Votre délégation souhaite enfin souligner qu'elle a été alertée au cours de sa mission sur l'impact écologique des techniques actuelles de récolte de la canne à sucre . Bien souvent, les plantations font l'objet d'un brûlage au moment des récoltes, ce qui permet d'éliminer les feuilles et d'en faciliter le ramassage. Or, cette technique, très répandue au Brésil, est particulièrement nocive pour l'environnement, car elle émet dans l'atmosphère environ 4.500 kilos de CO 2 par hectare, et pour la santé humaine, les populations environnantes souffrant fréquemment de maladies respiratoires. Même si votre délégation n'a pas été en mesure d'apprécier par elle-même la réalité de ce phénomène, il lui a été précisé que cette pratique était en voie de réduction grâce à des efforts de mécanisation des exploitations agricoles. En outre, la disparition progressive du brûlage est de nature à réduire les conflits dans l'usage de la terre entre cultures vivrières et culture de la canne.

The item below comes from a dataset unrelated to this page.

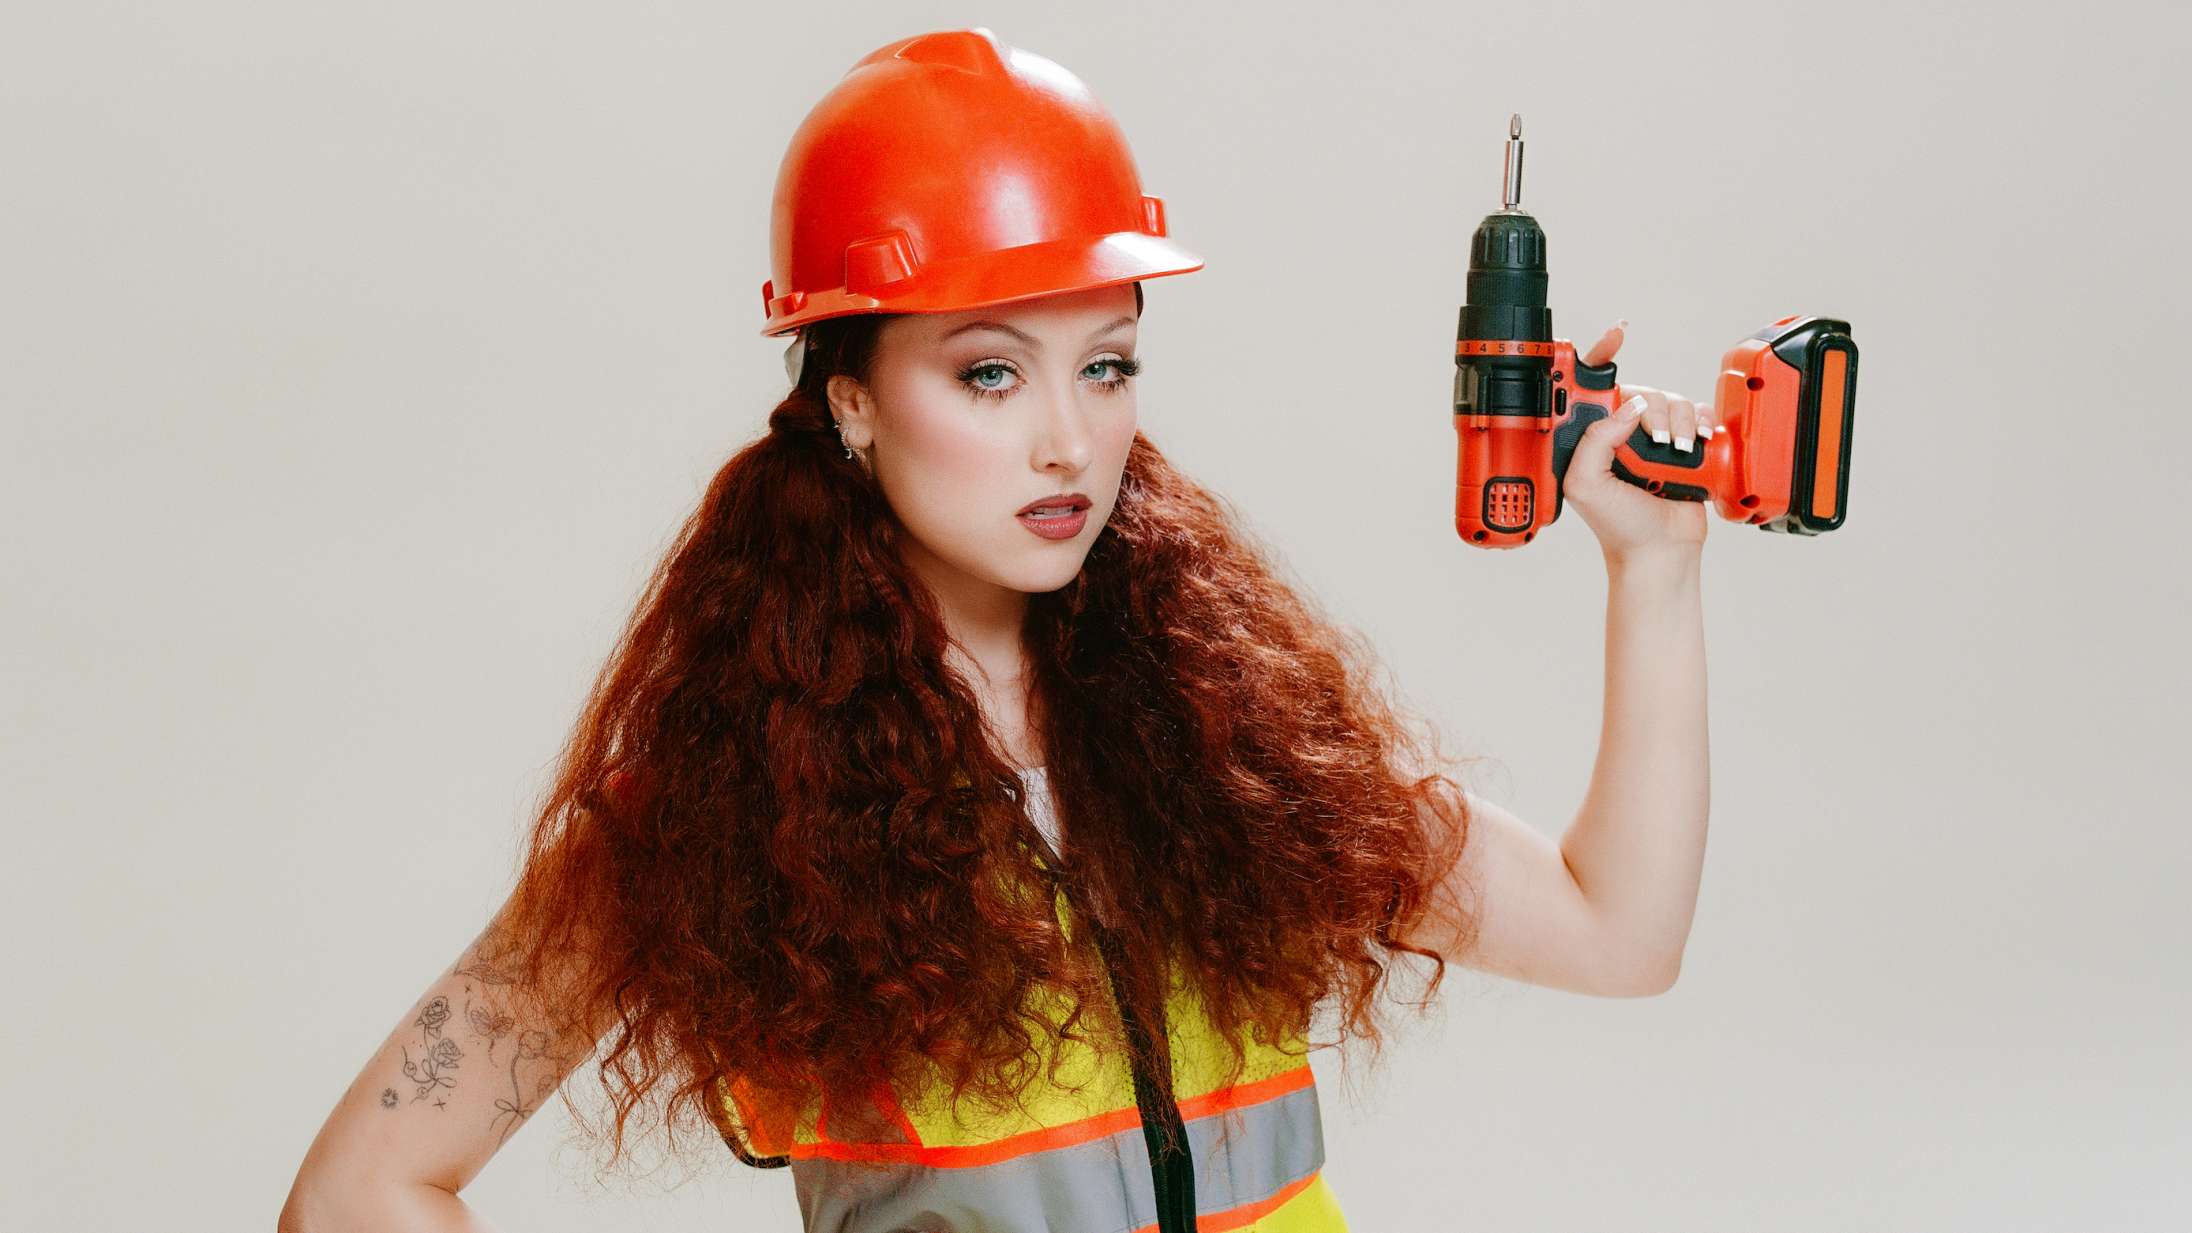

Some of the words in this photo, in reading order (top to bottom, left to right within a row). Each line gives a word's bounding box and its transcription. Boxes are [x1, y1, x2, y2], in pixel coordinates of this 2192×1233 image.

En effet, il est plus aisé de replanter provisoirement des cultures vivrières sur les feuilles séchées de la canne 45 ( * ) -si celles-ci n'ont pas été brûlées-, qui jouent alors un rôle d'engrais naturel.

* 39 Les trois quarts de l'éthanol brésilien ont été produits dans l'Etat de São Paulo.

* 40 3,4 milliards de litres.

* 41 Avec 8,8 millions de litres, la France n'est que le 19 ème acheteur d'éthanol brésilien.

* 42 Libération du jeudi 5 juillet 2007.

* 43 Dont 60 % dans l'Etat de São Paulo.

* 44 Sans que la délégation ait pu s'en rendre compte par elle-même, certains témoignages affirment que les conditions de travail dans les cannaies sont particulièrement difficiles, les salariés se voyant contraints d'effectuer des horaires de travail très lourds pour obtenir une rémunération suffisante.

* 45 Par exemple au cours d'une année de culture intercalaire.